Working together to fight cancer clusters
There has been tremendous discussion about health care in America over recent years. Much of the debate has focused on federal plans to regulate insurance and pharmaceutical corporations on the national level, using the theory that a more responsive medical industry will improve the medical care and quality of life for many Americans. Although this theory has powerful arguments both for and against it, it should not represent the limit of the American government’s ability to make a positive difference in the health and well-being of its citizens.
For example, the identification and amelioration of cancer clusters is a perfect opportunity for health care organizations, government entities and an active citizenry to work together to make America a healthier place.
When citizens take an active part in reporting their health status and major physical challenges to responsible government agencies and watchdog organizations, then these agencies can study patterns of ailments and identify areas that experience unusually high concentrations of particular illnesses or syndromes. These are commonly called cancer clusters, although there are also clusters of other diseases besides cancer.
Identification of the cluster is the first and most important step. After the identification has been completed, it is necessary to search for the source of contamination and alert all the affected citizens. After all, the people living there have the right to be informed and to react to the unhealthy situation immediately.
Cancer clusters are sometimes caused by active industrial pollution, but that is not necessarily common. Although some modern industries and agricultural entities dispose of their waste in inappropriate ways that cause health problems, it is much rarer under the current legislative regime than it was in decades prior. It is much more usual for cancer clusters to be traced to naturally occurring conditions or human activity in the past.
For example, many places in the Rocky Mountains have naturally high levels of radon or asbestos. Since these are not visible to the eye, it is possible to build a house in an unfortunate location and not realize the risks for years.

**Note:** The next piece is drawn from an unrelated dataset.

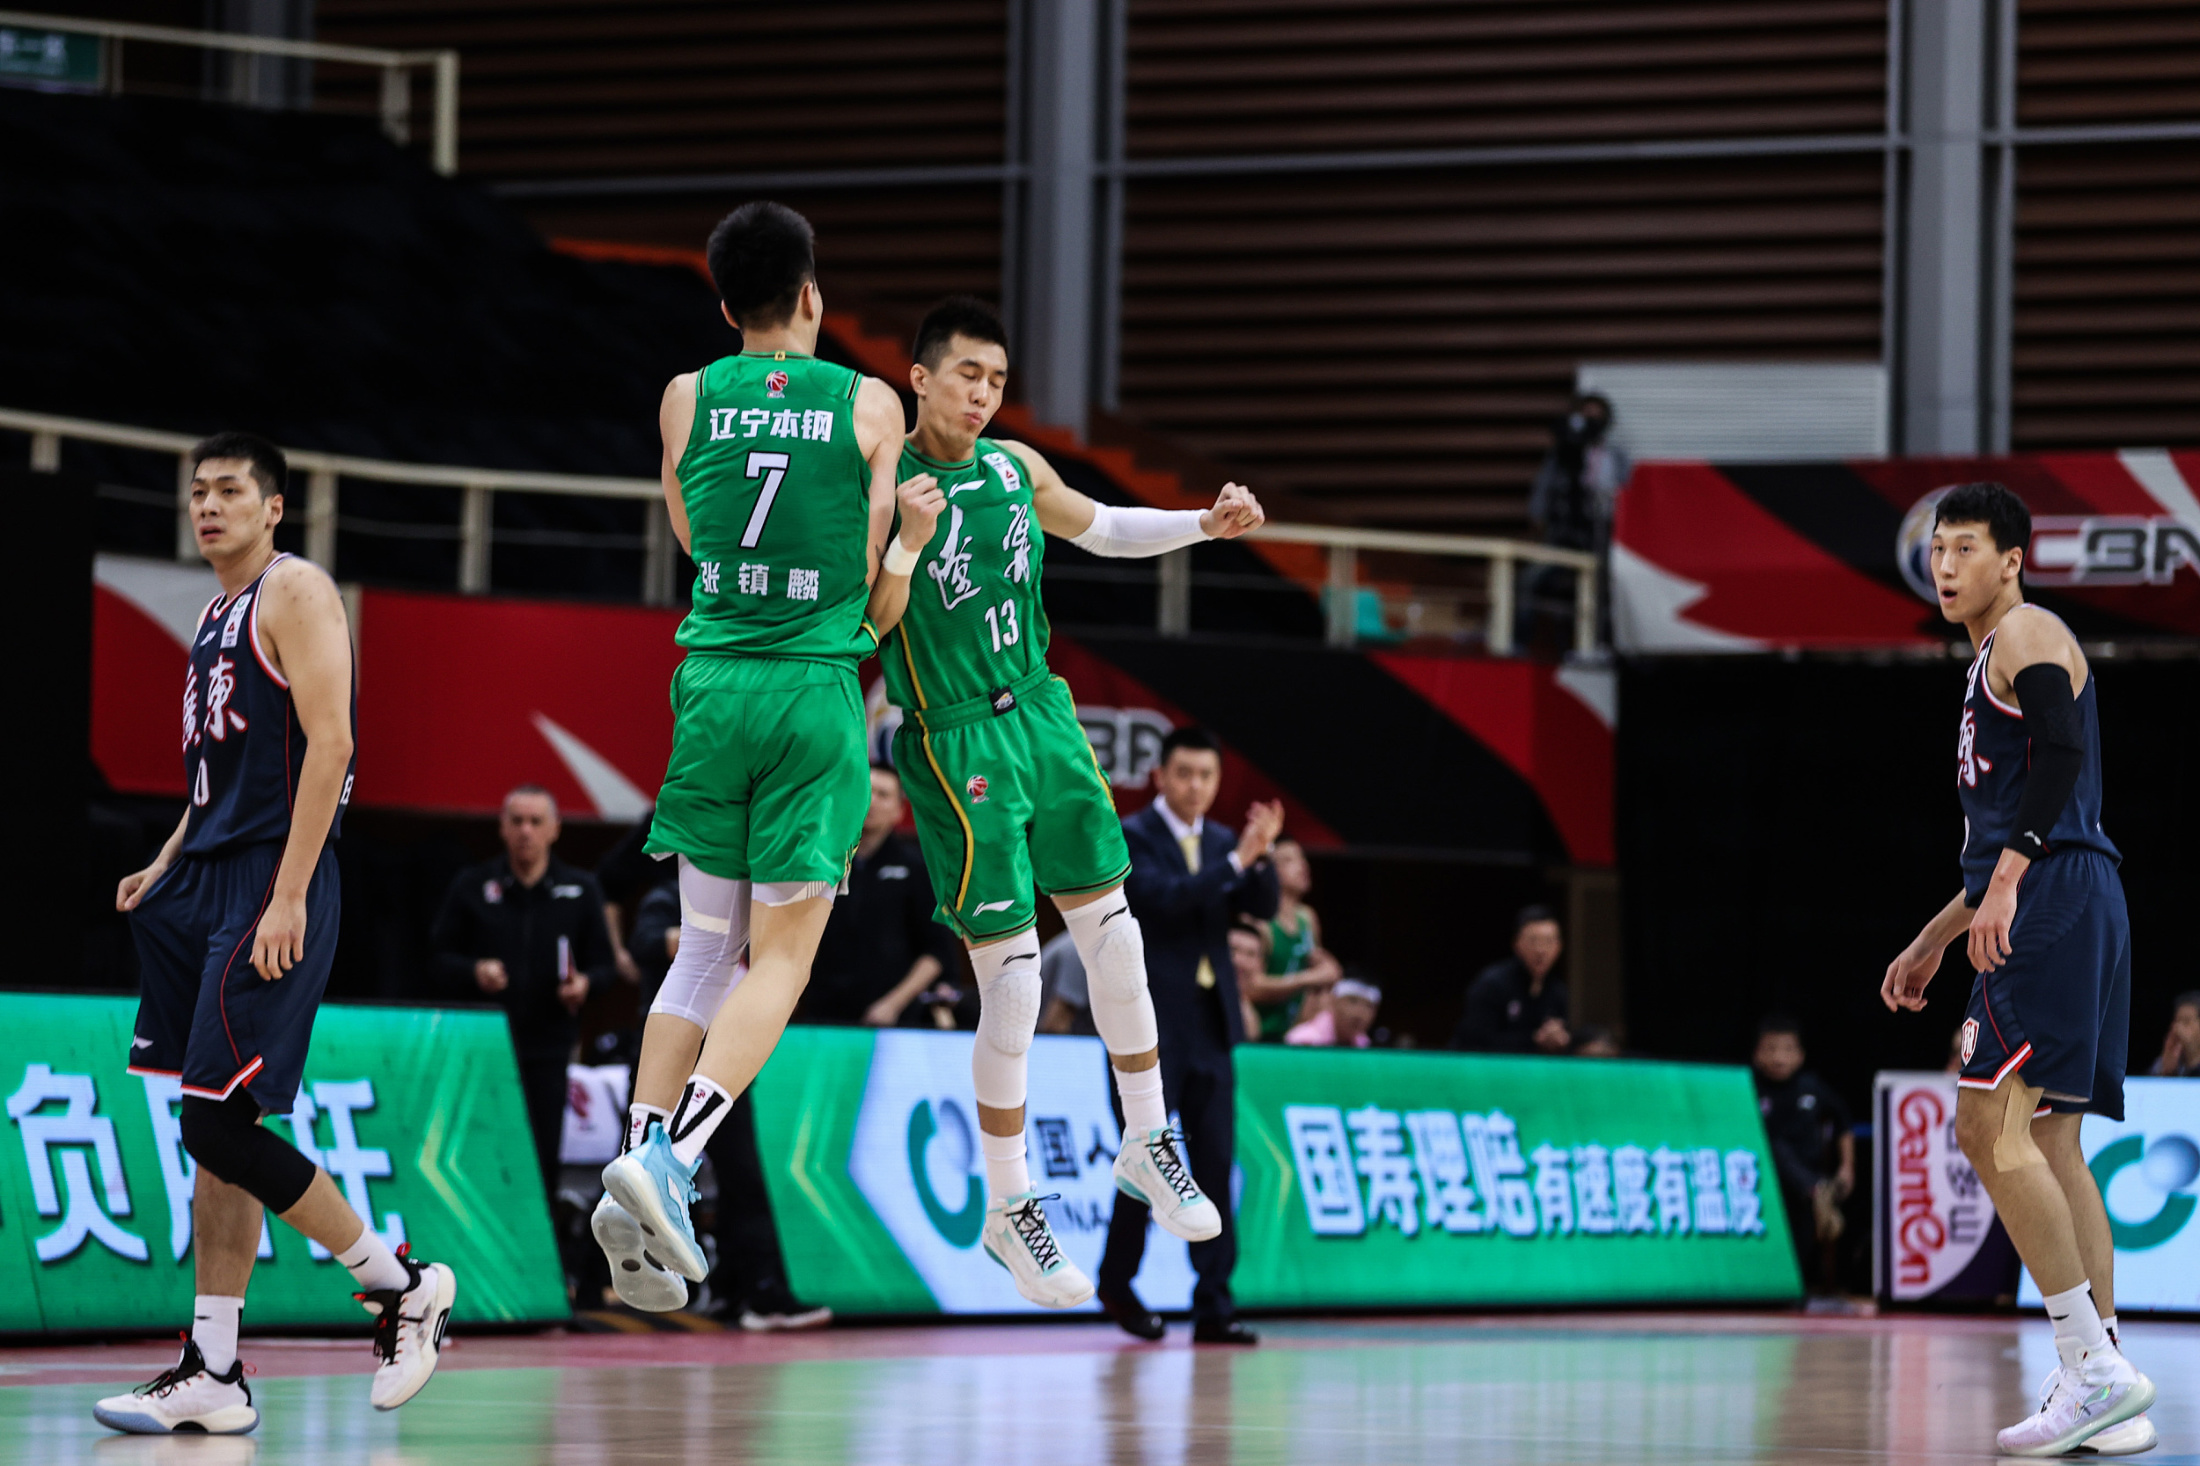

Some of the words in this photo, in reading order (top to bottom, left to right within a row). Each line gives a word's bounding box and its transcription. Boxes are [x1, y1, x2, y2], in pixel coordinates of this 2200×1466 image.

The same problems occur when an earlier era’s lax standards about pollution and zoning expose people to contaminants. For example, there are places in America where industrial areas did not properly dispose of waste a hundred years ago, only to have someone build a house in that area 50 years ago.
The extremely long time lines involved in cancer clusters means that there is rarely an identifiable culprit. Therefore, the focus is usually upon amelioration and remediation through available funds. Funds can be sought on the state, local and federal levels, and there are often grants available. However, it may not be a practical possibility to clean an area.
Whether the toxins associated with a cluster are naturally occurring or the results of ancient pollution, sometimes the job is simply too big and the best thing to do for the people that live there is to move away. If agencies and organizations can help the unfortunate people to defray the loss of their home’s value, the cost of moving and their medical expenses, then that might be considered an excellent use of the power of government.
Government officials like Senator Mike Crapo have shepherded legislation through Congress that is meant to improve governmental response and tracking. Crapo recently sponsored the “Strengthening Protections for Children and Communities From Disease Clusters Act,” or Trevor’s Law, and it should greatly assist in future detection and treatment efforts.